The Tierno Times– Issue 7:  What Makes A Hero

The Tierno Times– Issue 7: What Makes A Hero

Every good story has its heroes, but what defines a hero?  How are some heroes greater than others and what can you as a writer do to see that the Reader views him as heroic?  The answers are not all that hard but are worth enumerating.

First off, the obvious.  A hero has to have some heroic qualities.  Or at least some positive qualities.  He can be flawed, even have some negative traits, but in the end there has to be a reason why we would root for him in the first place.  Or even Care about him.

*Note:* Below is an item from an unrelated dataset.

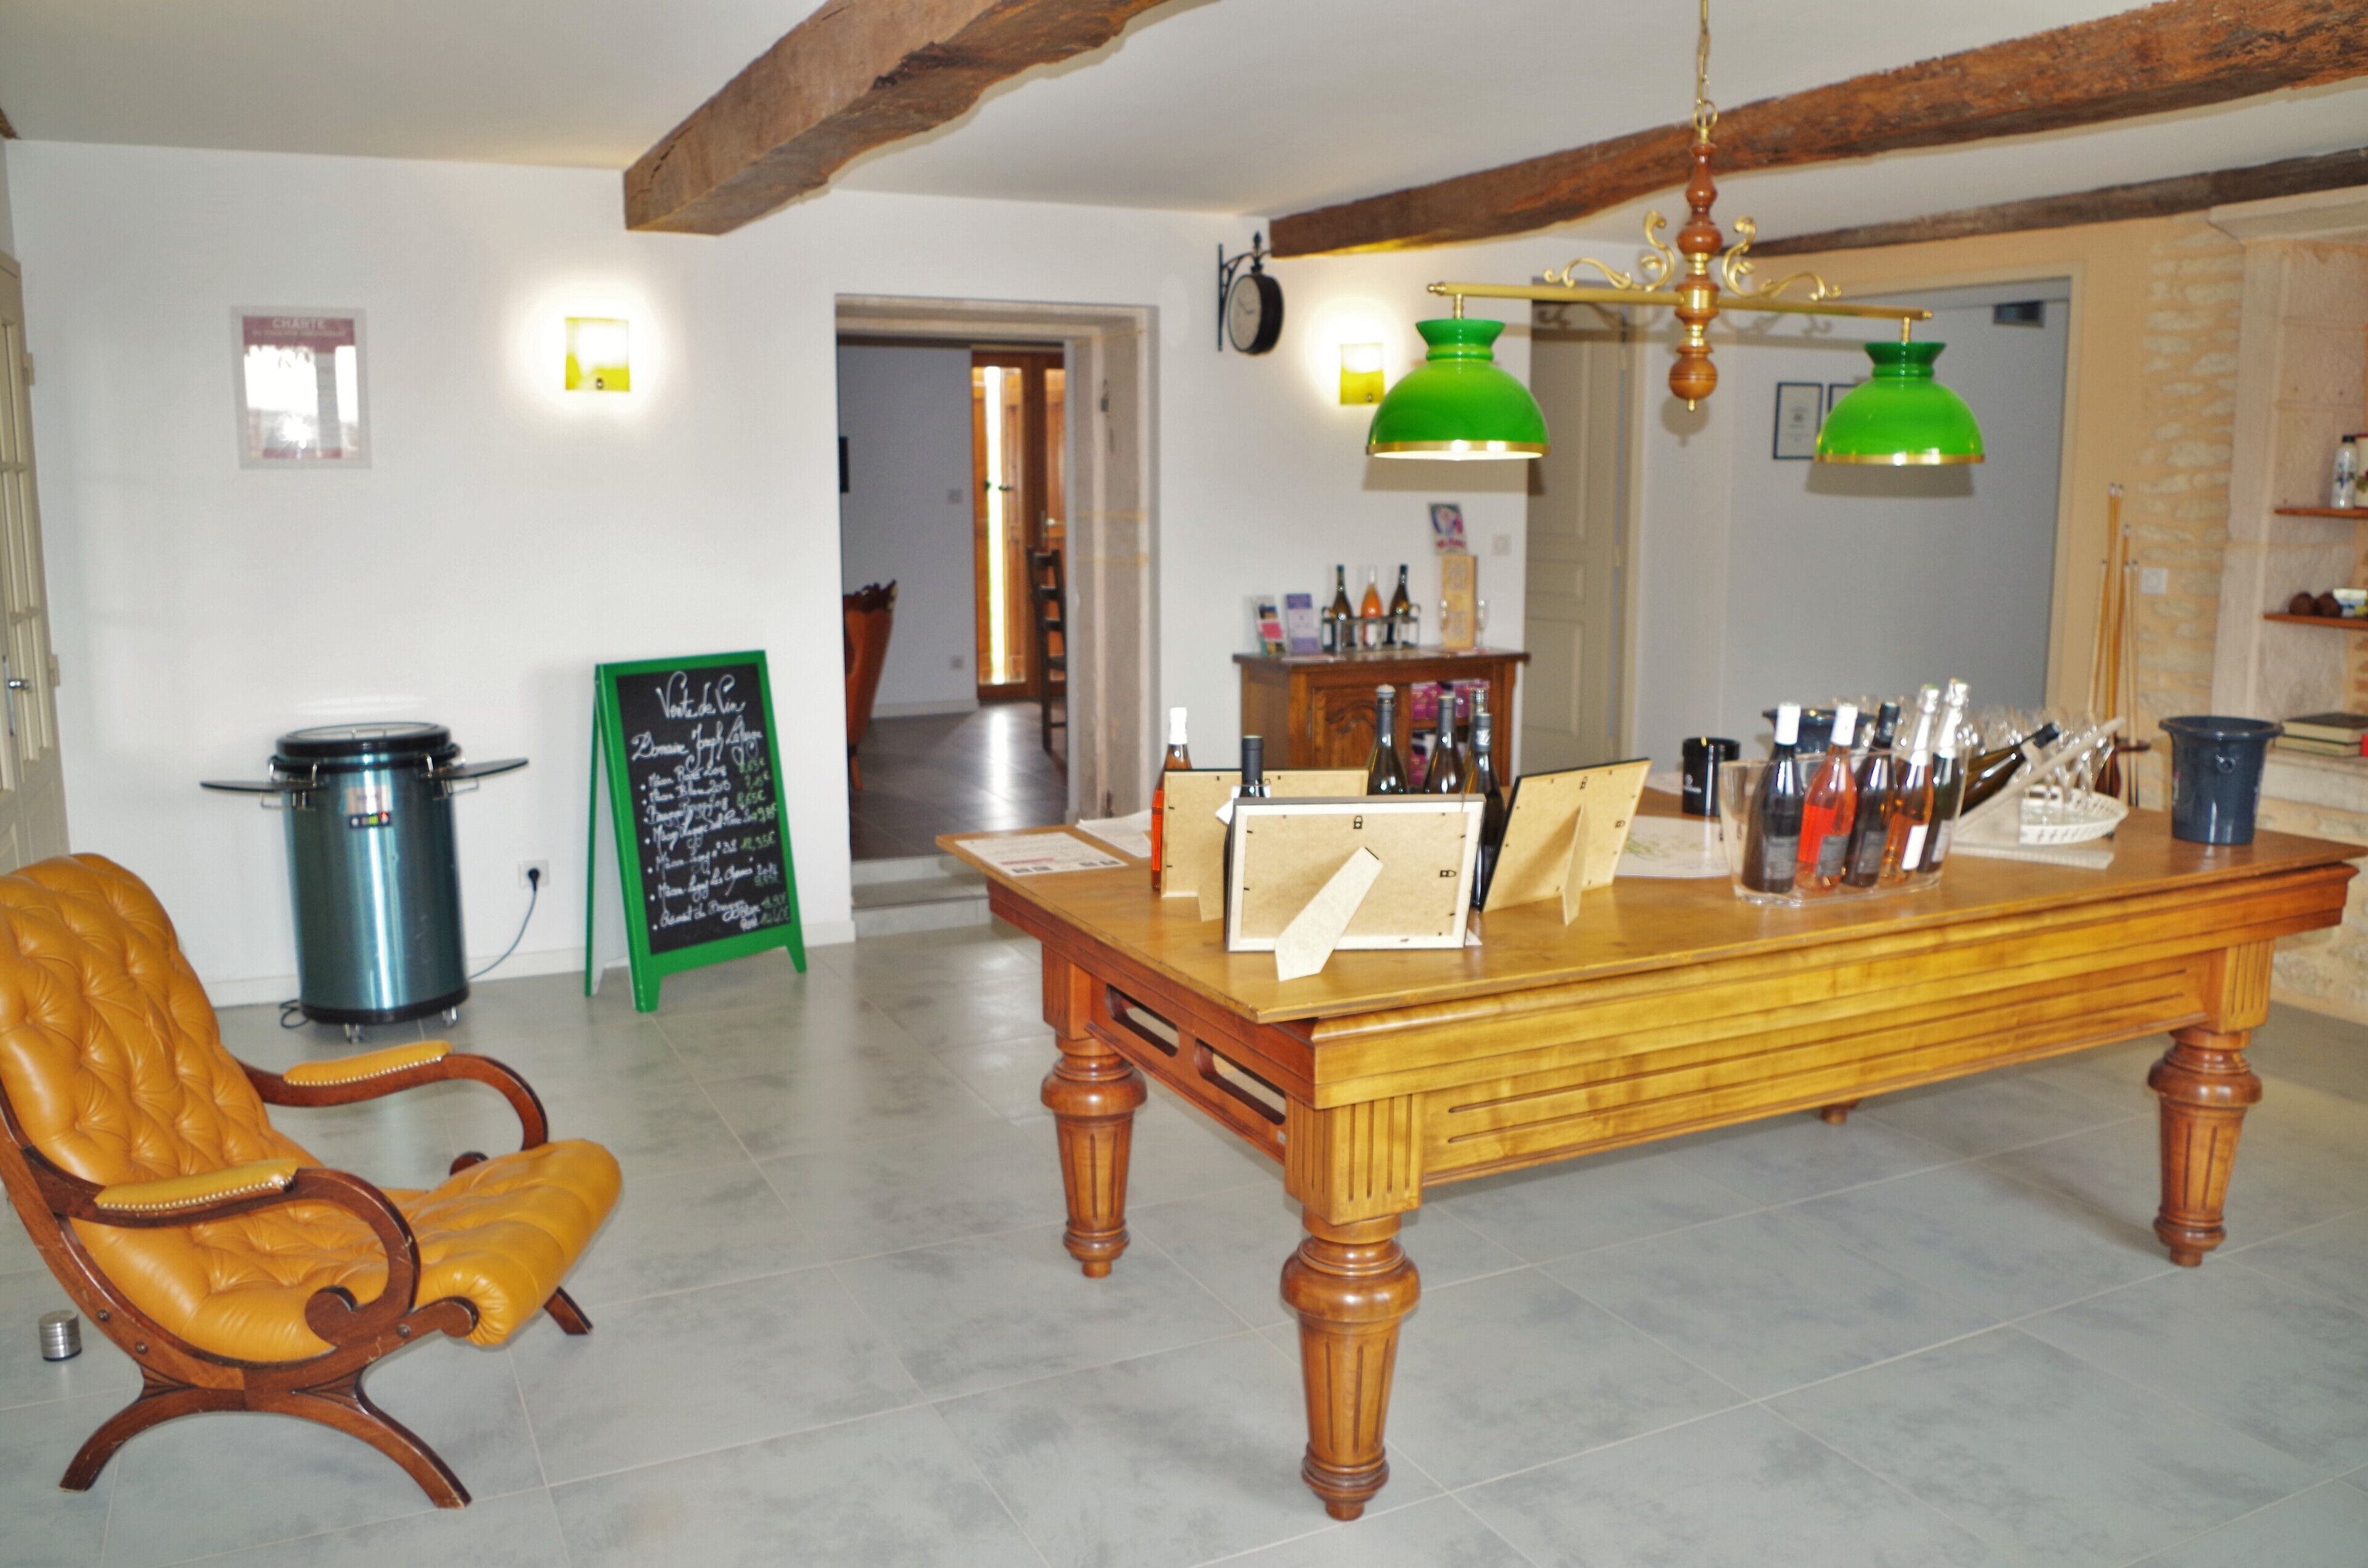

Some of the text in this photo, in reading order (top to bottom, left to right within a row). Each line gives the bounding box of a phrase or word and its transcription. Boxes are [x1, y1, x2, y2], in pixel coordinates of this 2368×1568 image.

[272, 318, 326, 329] CHARTE
[656, 670, 747, 720] Vente de Vin
[631, 731, 689, 761] Domaine

Then there is the subject of what he faces.  Basic rule:  The more bad stuff the hero faces, the worse the villain, the more the Reader will applaud when the hero finally overcomes.  A mediocre Villain will result in a mediocre Hero.  The Hero's steel must be tempered by the fires of his villain.

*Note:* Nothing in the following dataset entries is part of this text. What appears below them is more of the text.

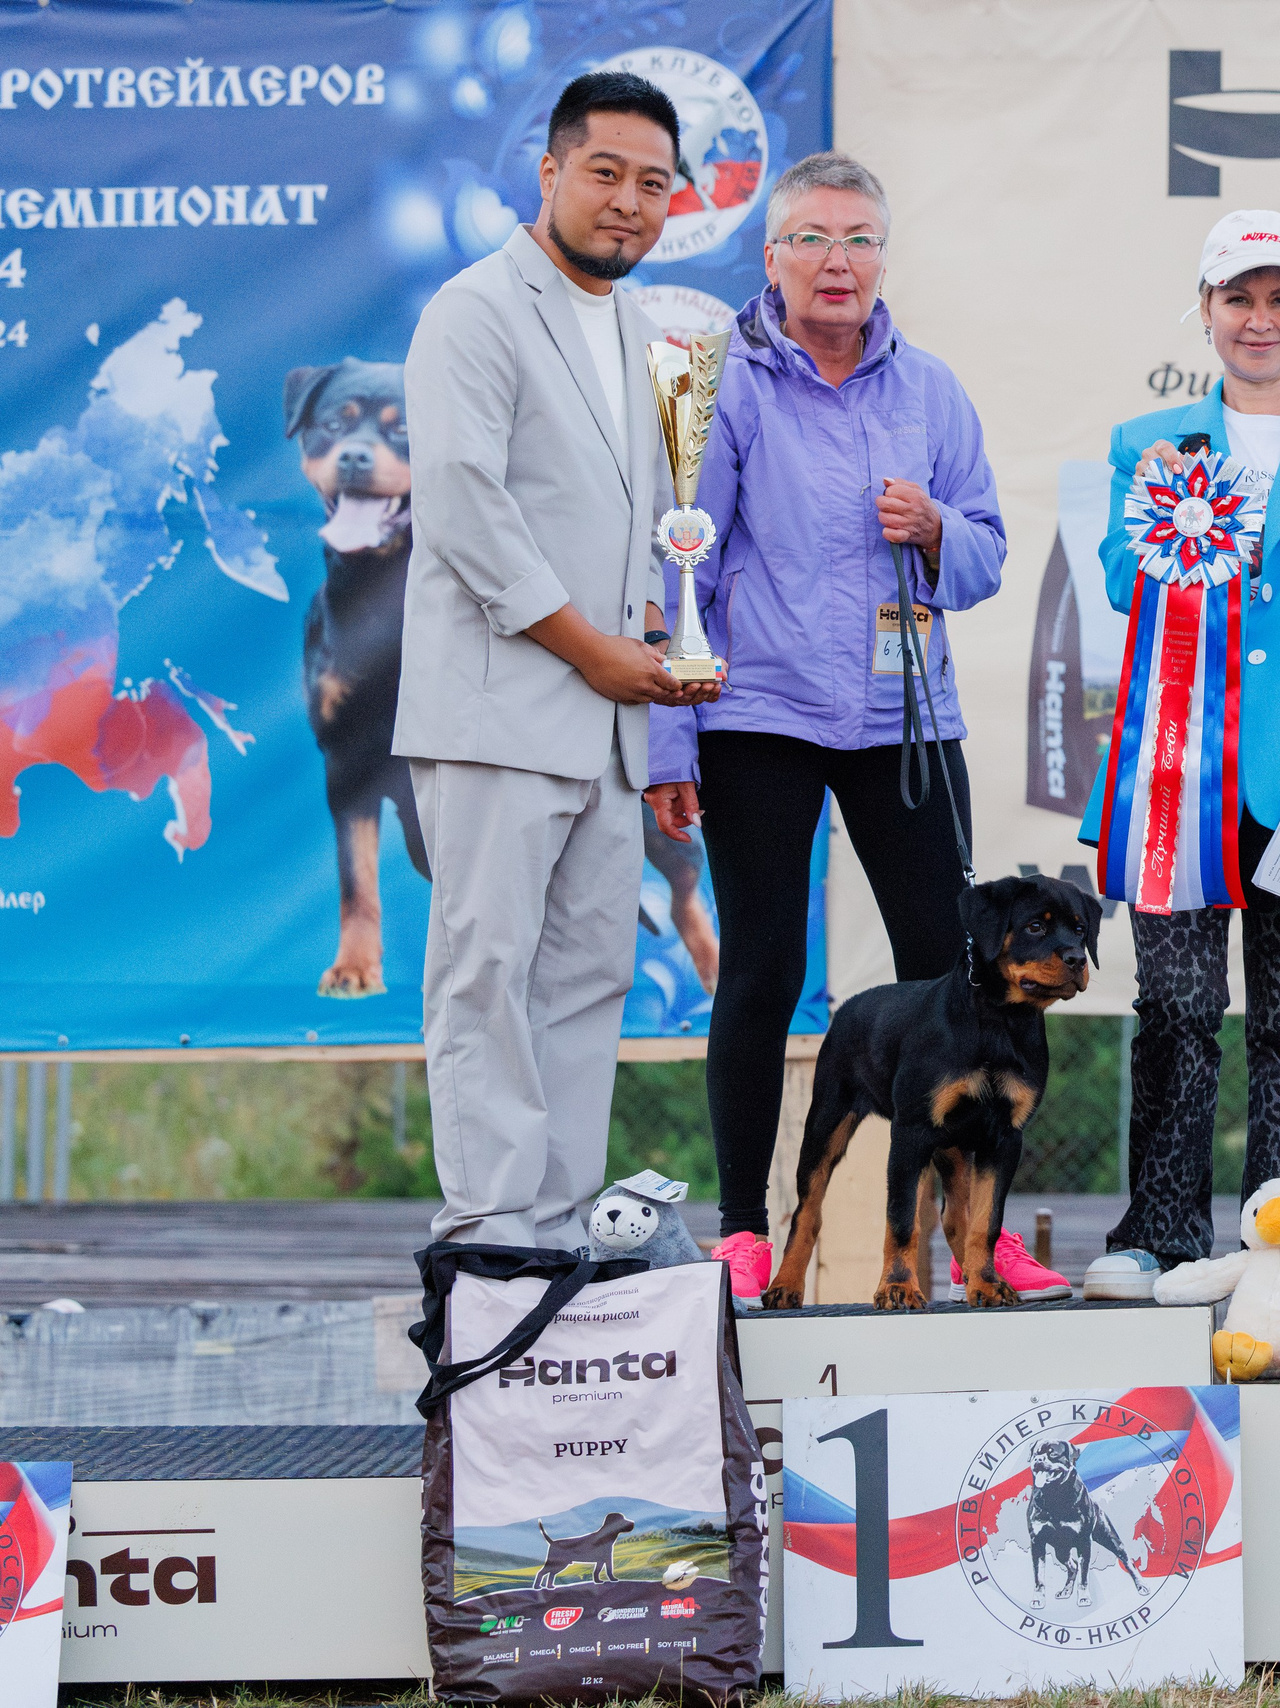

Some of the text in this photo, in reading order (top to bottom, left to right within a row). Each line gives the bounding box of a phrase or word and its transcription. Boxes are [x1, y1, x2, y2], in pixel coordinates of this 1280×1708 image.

[0, 57, 385, 110] РОТВЕЙЛЕРОВ
[0, 184, 328, 229] ЕМПИОНАТ
[880, 608, 928, 622] Hata
[1045, 659, 1066, 799] Hanta
[553, 1311, 591, 1323] рицей
[602, 1310, 639, 1322] рисом
[499, 1350, 677, 1388] Hanta
[819, 1364, 837, 1396] 1
[552, 1391, 623, 1404] premium
[553, 1438, 628, 1458] PUPPY
[960, 1404, 1201, 1586] РОТВЕЙЛЕР КЛУБ РОССИИ
[816, 1408, 924, 1649] 1
[66, 1547, 217, 1607] nta
[550, 1617, 570, 1626] MEAT
[551, 1610, 576, 1618] FRESH
[1018, 1606, 1153, 1645] РКФ-НКПР
[483, 1652, 514, 1662] BALANCE
[529, 1648, 556, 1656] OMEGA
[569, 1645, 596, 1654] OMEGA
[581, 1677, 592, 1685] 12

Bend but do not break.  You can keep shoveling the oppression and troubles onto the hero's back until he nearly breaks from the strain, but do not break him completely or you will have written yourself into a hole.  No matter how bad the villain makes things for him, the Hero must still have at least a single shred of resistance left, something upon which he can build for his comeback.

The Hero's final comeback should be dramatic, and when he faces his villain such a confrontation is best done one-on-one.  This is where you can pull out all the stops and have your Hero give the Villain his comeuppance.  If you've done it right, then your Readers should be jumping up out of their seats cheering at the result.

A good example is a character out of my Cyberdawn series. Black Jack Hannigan spends most of the five books getting chases, set up for murder, hunted by unspeakable supernatural creatures, cursed by a witch, unwittingly made to betray his friends and their common cause, and goes insane as a result of a number of things. But his comeback? Well, that's a couple of chapters not to be missed. Ever see someone use their own insanity as a weapon?

In my Maldene series the hero in this case might be considered as being the collective of characters struggling against the villainous Miro for some baker's dozen books. Every imaginable bit of connivery, misery, and torture that Miro can put everyone through in his quest to own the very stars themselves, even to his actually winning and killing off a good chunk of the galaxy's population in the process. The heroic comeback? yeah, it's dramatic alright, and a number of Maldene's heroes have a part in it, though one in particular that gets the honor of bloodying Miro's nose.

Definitely a seat-jumping cheering moment.